How to communicate the dangers of nuclear waste to future civilizations.

Reading Umberto Eco’s The Search for the Perfect Language I came across a discussion Thomas Sebeok’s work for the U.S. Office of Nuclear Waste Management on “Communication Measures To Bridge Ten Millennia.” Sebeok was commissioned to figure out how to warn people about nuclear waste in 10,000 years. How do you design a warning system that can survive for tens of thousands of years? He proposed an artificial folklore with a priestly caste to maintain superstitions about the site. He ended up recommending

that information be launched and artificially passed on into the short-term and long-term future with the sup- plementary aid of folkloristic devices, in particular a combination of an artificially created and nurtured ritual-and-legend. …

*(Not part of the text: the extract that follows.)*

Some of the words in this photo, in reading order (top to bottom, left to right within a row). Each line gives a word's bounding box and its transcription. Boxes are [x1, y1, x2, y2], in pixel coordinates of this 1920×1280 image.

The legend-and-ritual, as now envisaged, would be tantamount to laying a “false trail”, meaning that the uninitiated will be steered away from the hazardous site for reasons other than the scientific knowledge of the possibility of radiation and its implications; essentially, the reason would be accumulated superstition to shun a certain area permanently. (p. 24)

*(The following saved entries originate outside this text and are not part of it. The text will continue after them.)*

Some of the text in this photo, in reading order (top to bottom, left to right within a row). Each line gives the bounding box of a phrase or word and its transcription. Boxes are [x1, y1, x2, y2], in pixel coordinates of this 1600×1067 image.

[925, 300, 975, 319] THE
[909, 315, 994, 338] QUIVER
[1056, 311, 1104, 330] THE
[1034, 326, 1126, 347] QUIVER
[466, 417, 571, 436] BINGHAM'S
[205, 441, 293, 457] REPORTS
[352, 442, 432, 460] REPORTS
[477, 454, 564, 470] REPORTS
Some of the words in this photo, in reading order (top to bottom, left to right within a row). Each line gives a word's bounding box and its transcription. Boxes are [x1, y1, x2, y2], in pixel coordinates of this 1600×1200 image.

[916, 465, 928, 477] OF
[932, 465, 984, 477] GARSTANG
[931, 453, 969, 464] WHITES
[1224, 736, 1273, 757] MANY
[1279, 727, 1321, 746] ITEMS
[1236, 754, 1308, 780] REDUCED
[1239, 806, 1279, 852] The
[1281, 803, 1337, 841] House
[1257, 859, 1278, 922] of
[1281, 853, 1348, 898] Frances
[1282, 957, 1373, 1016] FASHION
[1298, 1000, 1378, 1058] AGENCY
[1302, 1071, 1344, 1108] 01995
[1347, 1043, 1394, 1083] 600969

Slate Magazine has a great story on the issue of Atomic Priesthoods, Thorn Landscapes, and Munchian Pictograms: How to communicate the dangers of nuclear waste to future civilizations by Juliet Lapidos (Nov. 16, 2009.) She surveys some of the interesting ideas like “Menacing Earthworks” that would warn people off, and talks about a 1993 SANDIA report titled, “Expert Judgment on Markers To Deter Inadvertent Human Intrusion Into the Waste Isolation Pilot Plant.”